Fast and easy tree structures for Django, maintained inside the database.

django-tree solves the same problem as django-treebeard, django-tree-queries, django-mptt and django-treenode: storing and querying tree (hierarchy) structures with Django. It does it differently: you add a PathField to an ordinary model with a self-referencing ForeignKey, and the hierarchy is maintained by the database — not in your Python code. There is no model, manager or queryset to subclass; an optional TreeModelMixin only adds convenience methods (get_descendants(), get_ancestors(), …).
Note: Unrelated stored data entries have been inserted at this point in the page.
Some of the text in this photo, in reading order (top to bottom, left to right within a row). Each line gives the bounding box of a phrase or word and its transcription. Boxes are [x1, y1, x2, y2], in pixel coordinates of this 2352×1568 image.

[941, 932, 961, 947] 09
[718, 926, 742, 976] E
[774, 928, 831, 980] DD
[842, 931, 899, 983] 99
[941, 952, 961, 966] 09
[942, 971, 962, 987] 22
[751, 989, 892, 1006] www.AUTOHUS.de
On PostgreSQL the path is maintained by a PL/pgSQL trigger, so bulk operations, QuerySet.update() and raw SQL all keep the tree consistent. On SQLite, MySQL and Oracle there is no such trigger, so the path is computed in Python on the ORM save cycle (save(), delete(), QuerySet.update(), bulk_create/bulk_update); writes that bypass the ORM (raw SQL) need a manual Model.rebuild_paths().

Table of contents

Comparison

[!NOTE] django-treebeard ships three interchangeable algorithms — MP (materialized path), NS (nested sets) and AL (adjacency list) — shown as separate columns.

Features

django-tree treebeard MP treebeard NS treebeard AL django-mptt django-tree-queries django-treenode
Works on any Django database 🟢 PostgreSQL, SQLite, MySQL, Oracle 🟢 🟢 🟢 🟢 🟢 🟢
Drop-in (no model/manager subclassing) 🟢 add one field 🔴 subclass MP_Node 🔴 subclass NS_Node 🔴 subclass AL_Node 🔴 subclass MPTTModel 🔴 subclass TreeNode 🔴 subclass TreeNodeModel
Build & move with plain parent + save() 🟢 🔴 API 🔴 API 🔴 API 🟢 🟢 🟢
Several independent trees per model 🟢 multiple PathFields 🔴 one hierarchy 🔴 one hierarchy 🔴 one hierarchy 🔴 one hierarchy 🔴 one hierarchy 🔴 one hierarchy
Maximum number of siblings 🟢 unlimited 🟠 1.7 M 🟢 1 B 🟢 unlimited 🟢 1 B 🟢 unlimited 🟢 2.1 B
Tree kept correct by the database 🟢 PostgreSQL: SQL trigger
🔴 SQLite, MySQL, Oracle: in Python
🔴 in Python 🔴 in Python 🔴 in Python 🔴 in Python 🟢 FK only, nothing denormalized 🔴 in Python + cache
Survives bulk writes / update() / raw SQL 🟢 PostgreSQL
🟡 SQLite, MySQL, Oracle: bulk/update() yes, raw SQL no
🔴 Python API only 🔴 Python API only 🔴 Python API only 🔴 🟢 🔴 manual resync
Tree filters as composable ORM lookups 🟢 __descendant_of, __child_of 🟡 manager methods 🟡 manager methods 🟡 manager methods 🟡 manager methods 🟡 with_tree_fields() 🟡 cached properties
Admin integration 🔴 form field only 🟢 drag-and-drop 🟢 drag-and-drop 🟢 drag-and-drop 🟢 drag-and-drop 🟢 cut/paste 🟢
Template tags to render trees 🔴 🟡 🟡 🟡 🟢 {% recursetree %} 🟢 {% recursetree %} 🟡
Production-ready 🟢 🟢 🟢 🟢 🟡 works, unmaintained 🟢 🟢

🟢 yes / good · 🟡 partial or depends on the variant · 🔴 no / poor.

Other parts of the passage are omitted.